§ ACTIVITY: A word-for-word copy of the data is what's wanted, with no pictures.

Saved data entries
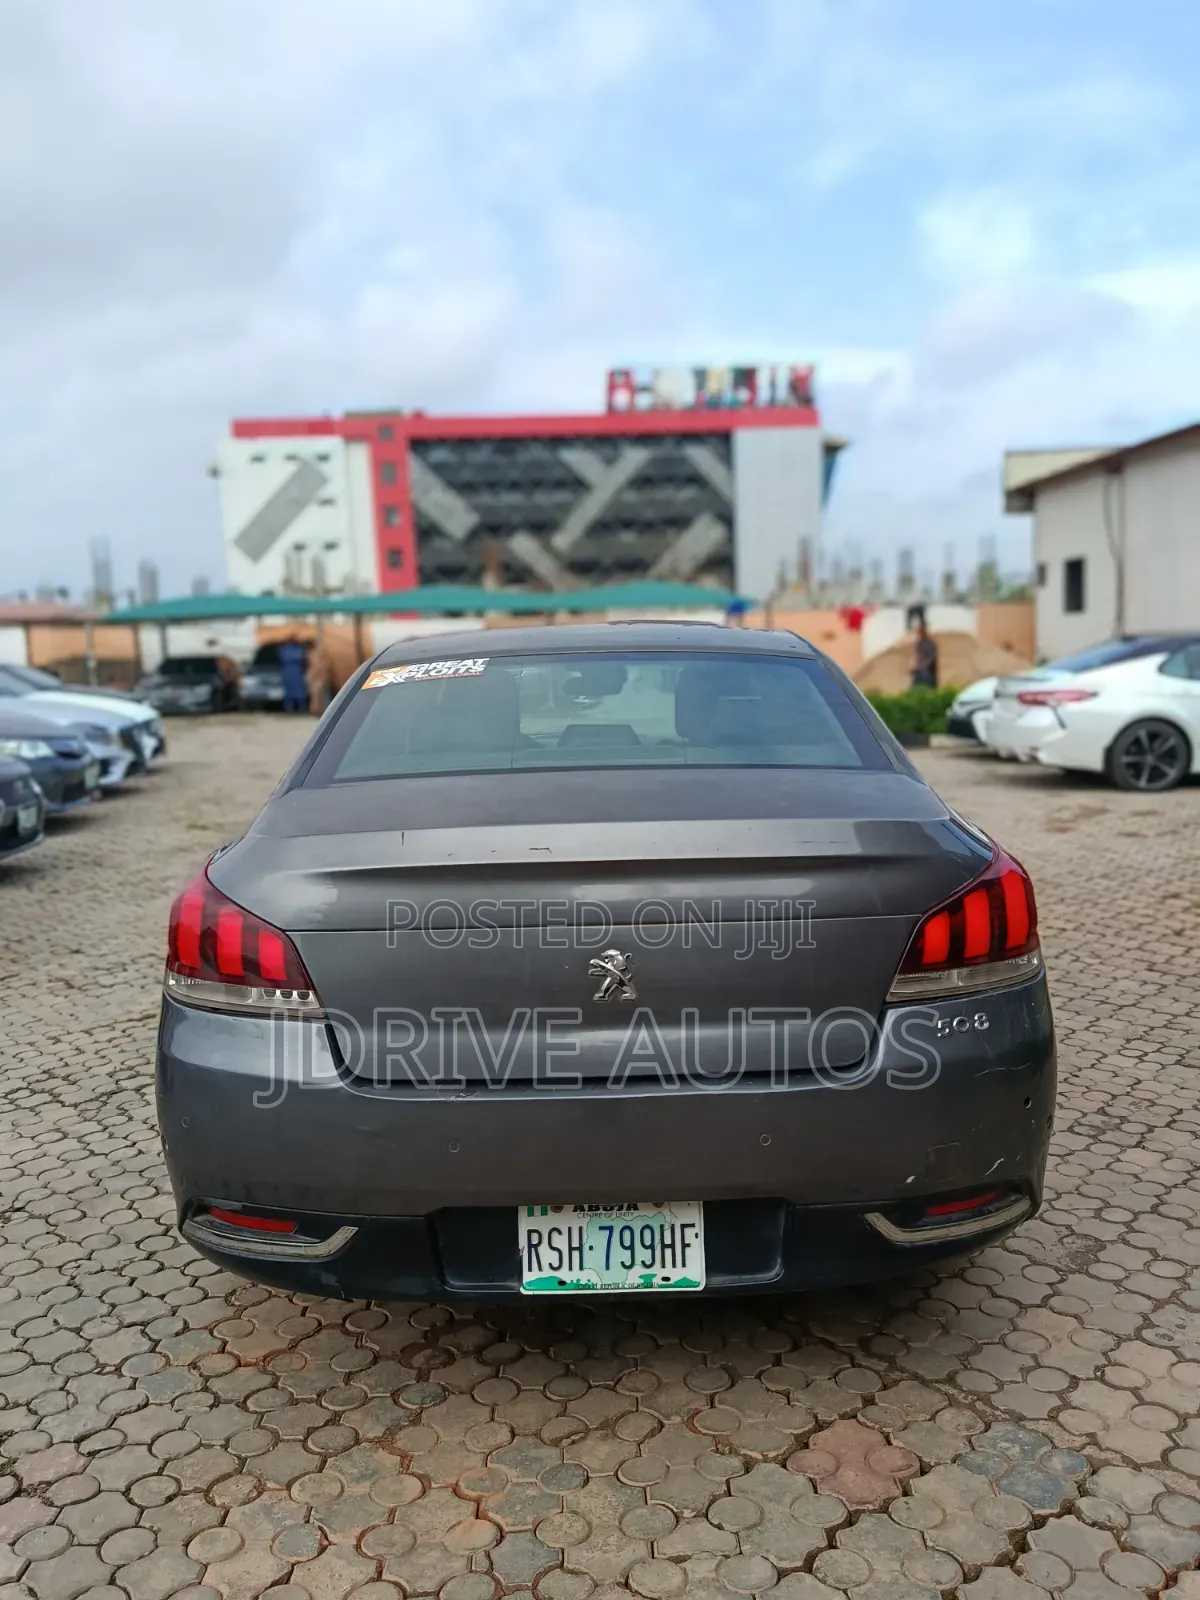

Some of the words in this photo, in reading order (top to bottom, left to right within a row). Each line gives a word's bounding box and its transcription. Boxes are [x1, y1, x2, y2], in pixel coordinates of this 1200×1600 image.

[411, 658, 490, 671] GREAT
[937, 1012, 990, 1037] 508
[572, 1203, 640, 1213] ABUJA
[577, 1211, 604, 1219] CENTRE
[615, 1210, 635, 1218] UNITY

§ EXERCISE RESPONSE:
Some of the words in this photo, in reading order (top to bottom, left to right within a row). Each line gives a word's bounding box and its transcription. Boxes are [x1, y1, x2, y2], in pixel coordinates of this 1200×1600 image.

[411, 658, 490, 671] GREAT
[937, 1012, 990, 1037] 508
[572, 1203, 640, 1213] ABUJA
[577, 1211, 604, 1219] CENTRE
[615, 1210, 635, 1218] UNITY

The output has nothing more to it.